We didn’t have too much stress in yesterday’s drop as we were a little over-covered anyway after the big run-up, and yesterday’s pullback gave us a chance to buy back some of the calls we sold at a very nice profit as well as giving us a chance to reposition some of the financial callers that had buried us in last week’s run up. As I often say during big runs, what is easily done can be easily undone and we got a huge reversal of Tuesday’s XLF spike that put our spreads right back on track.

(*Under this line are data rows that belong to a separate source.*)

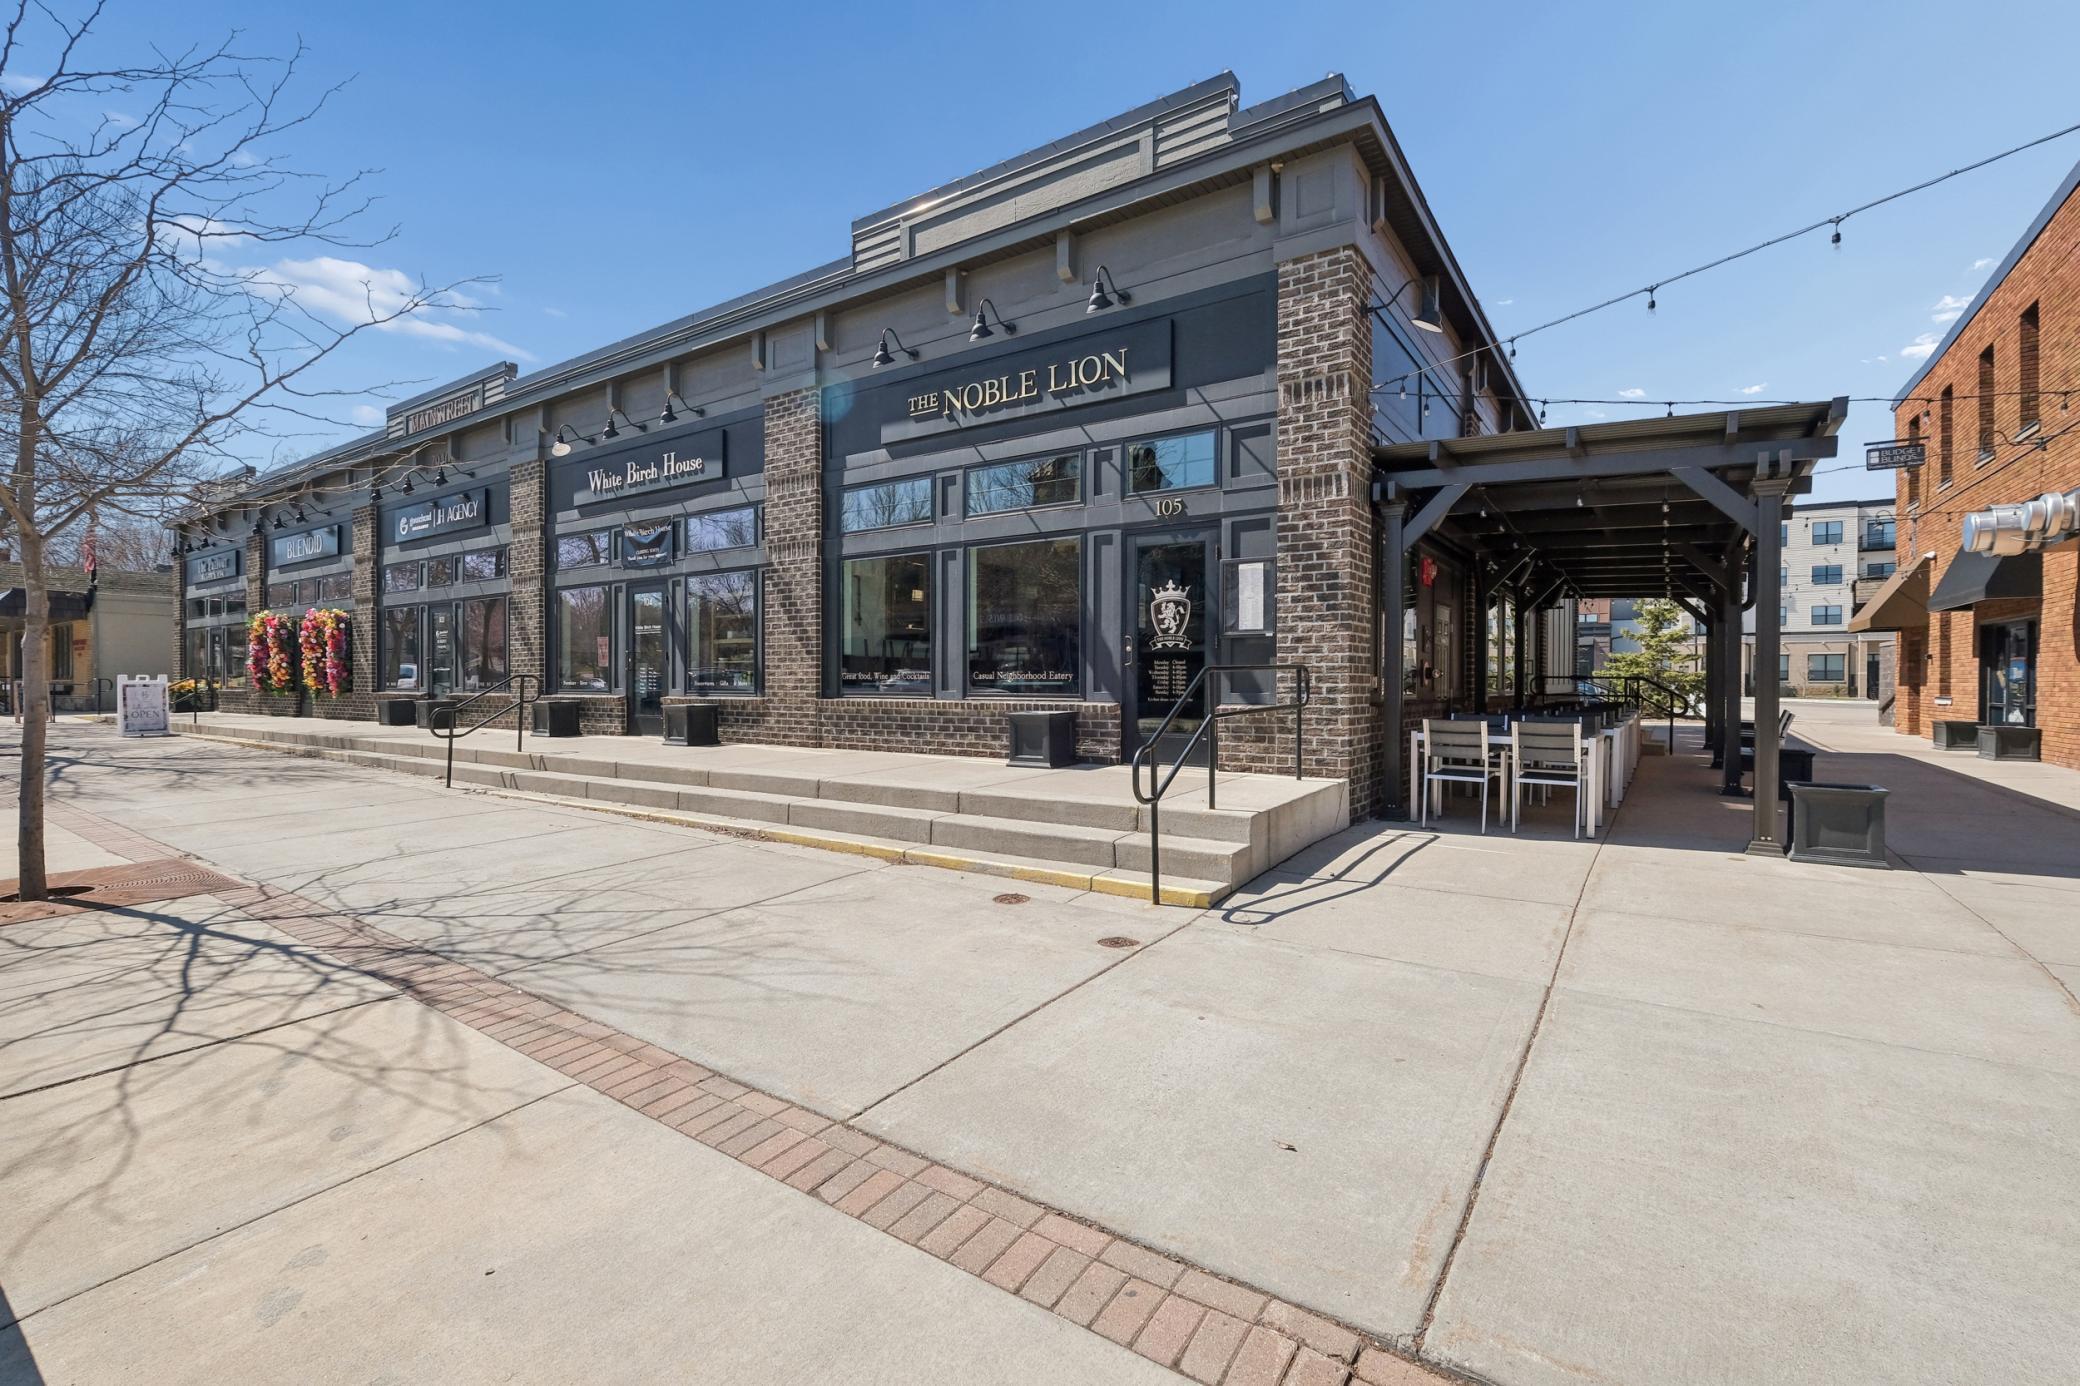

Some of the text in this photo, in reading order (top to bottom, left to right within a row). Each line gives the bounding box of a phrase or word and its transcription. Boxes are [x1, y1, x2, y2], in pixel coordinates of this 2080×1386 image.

[908, 348, 1128, 416] THE NOBLE LION
[1881, 447, 1922, 457] BUDGET
[1881, 454, 1918, 463] BLINDS
[587, 452, 703, 492] White Birch House
[446, 501, 479, 523] AGENCY
[1155, 498, 1182, 517] 105
[286, 535, 323, 559] BLENDID
[973, 671, 1073, 682] Casual Neighborhood Eatery
[131, 711, 160, 719] OPEN

We were expecting durable goods to save us this morning, despite the bad housing numbers, after reading Whirlpool (WHR) and Caterpillar (CAT)’s earnings reports and listening to the conference calls. We thought WaMu (WM)’s sell-off was enough nonsense to add them to our Stocks Portfolio on yesterday’s dip but selling the $4 calls as we’re not THAT confident. Still, picking up the stock at $3.90 and selling a .80 call puts us in for net $3.10 and getting called away on the 15th at $4 is a very quick 29% gain and we liked that play so much we decided we were willing to double down by selling the $4 puts for .80 as well. That means if we get called away over $4 our basis is $2.30 and, if the stock is put to us at $4 because it turns lower, our average entry is just $3.15, since there are $3 calls as well, we can simply reload and try again in September. This is the strategy we outlined in last months post "Can You Be Satisfied Making 20% Returns Each Year?"

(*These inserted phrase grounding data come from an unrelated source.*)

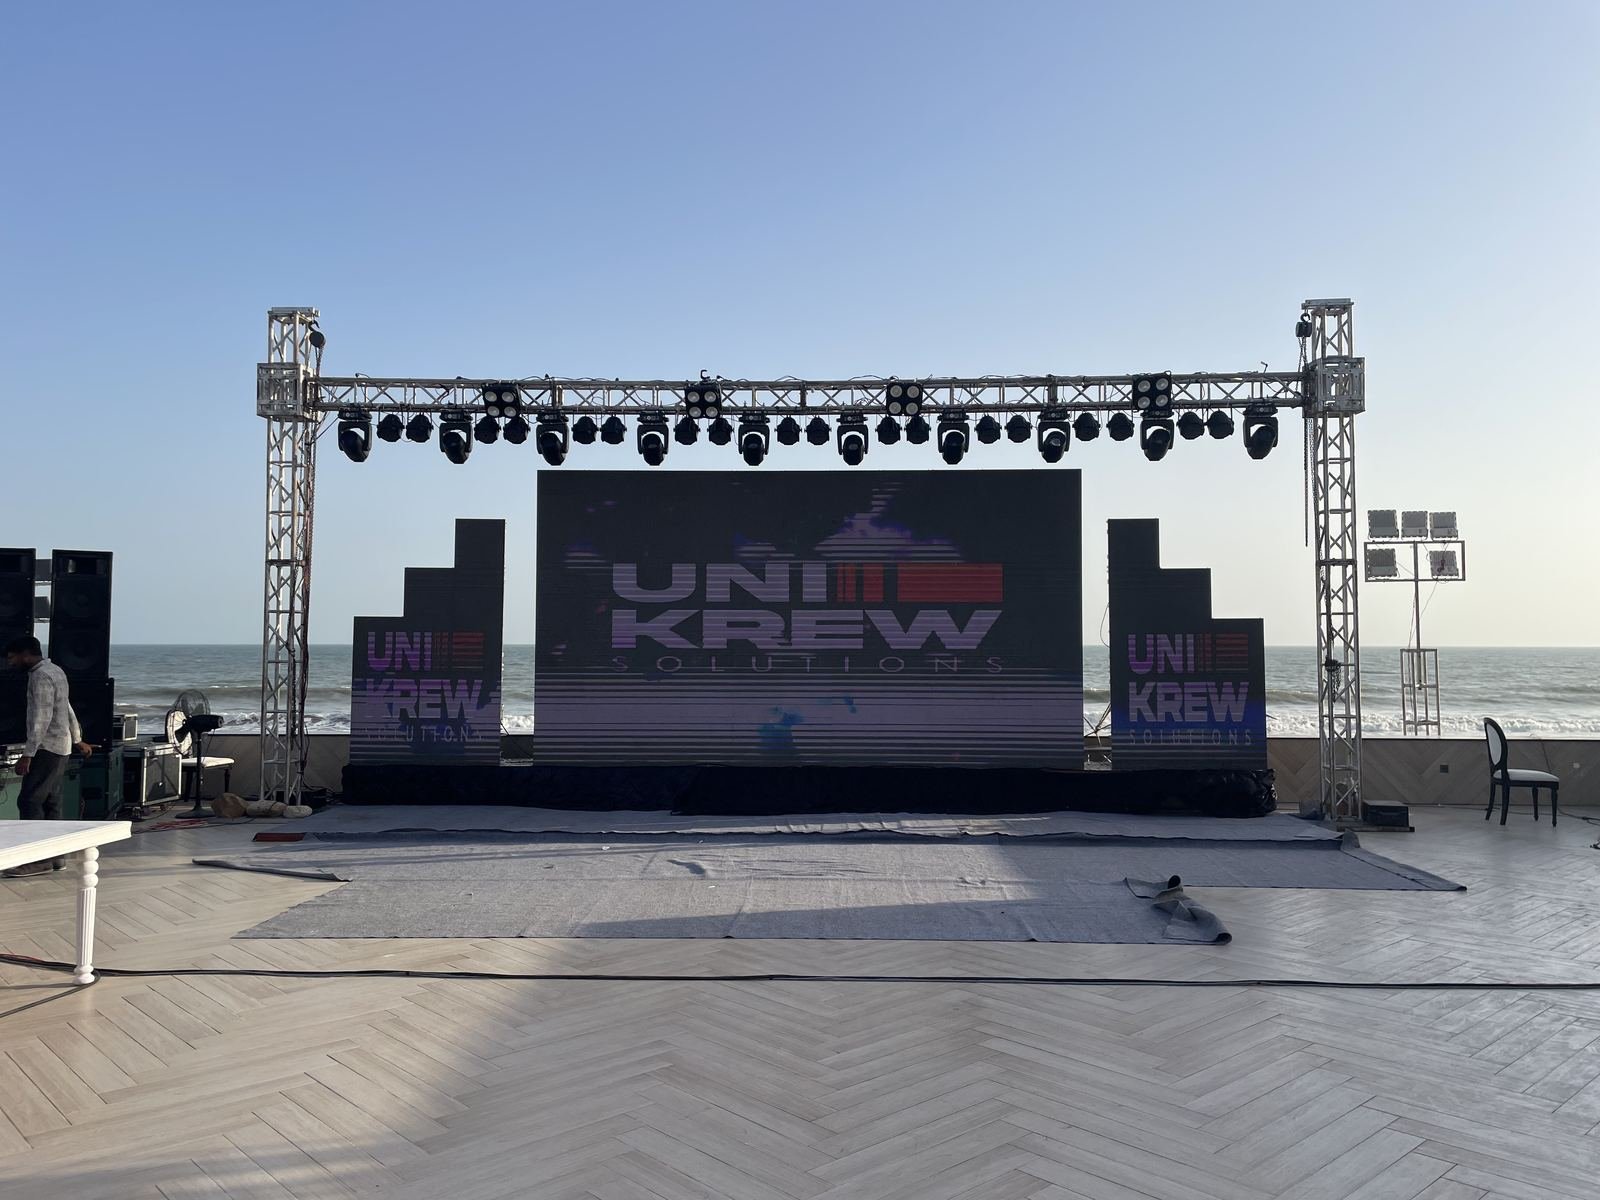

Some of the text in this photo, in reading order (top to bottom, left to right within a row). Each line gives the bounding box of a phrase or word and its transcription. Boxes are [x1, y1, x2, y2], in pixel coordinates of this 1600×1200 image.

[612, 562, 828, 603] UNI
[612, 609, 1003, 650] KREW
[367, 631, 432, 671] UNI
[612, 655, 1004, 673] SOLUTIONS
[1127, 633, 1195, 674] UNI
[366, 678, 483, 719] KREW
[1128, 681, 1250, 722] KREW
[1129, 728, 1253, 746] SOLUTIONS

That’s why we reset the Stocks Portfolio this month and added the Butterfly Collection Portfolio - we know the market is going to be choppy and the trades we play around with in the $10KXtreme portfolio (aiming to get to $100K as quickly as possible) and the $25K Portfolio (aiming to get to $50K during the quarter) are not the kind of things you do with retirement money - all unhedged stock trading is gambling and options trading is more so but it’s gambling we can afford if we follow the safer, more dependable strategies with the bulk of our investment portfolio.
We had fun taking a few risks yesterday, pressing plays on WHR, Boeing (BA) and, of course, our beloved Googles (GOOG). We’re not expecting a big run here as the weekend looms large and scary, and the oil bulls are on the march again as nothing of substance is being done as yet to rein in the madness other than scapegoating some small speculators on the NYMEX as if THEY were the problem. What this case actually proves is that anyone, even less experienced traders with a few million dollars, can manipulate the energy markets and make millions. Imagine what a multi-billion dollar investment house with a "win at all costs" attitude (the bottom 5% performers are laid off each year - that’s the message!) and a long history of price fixing and stock manipulation can do…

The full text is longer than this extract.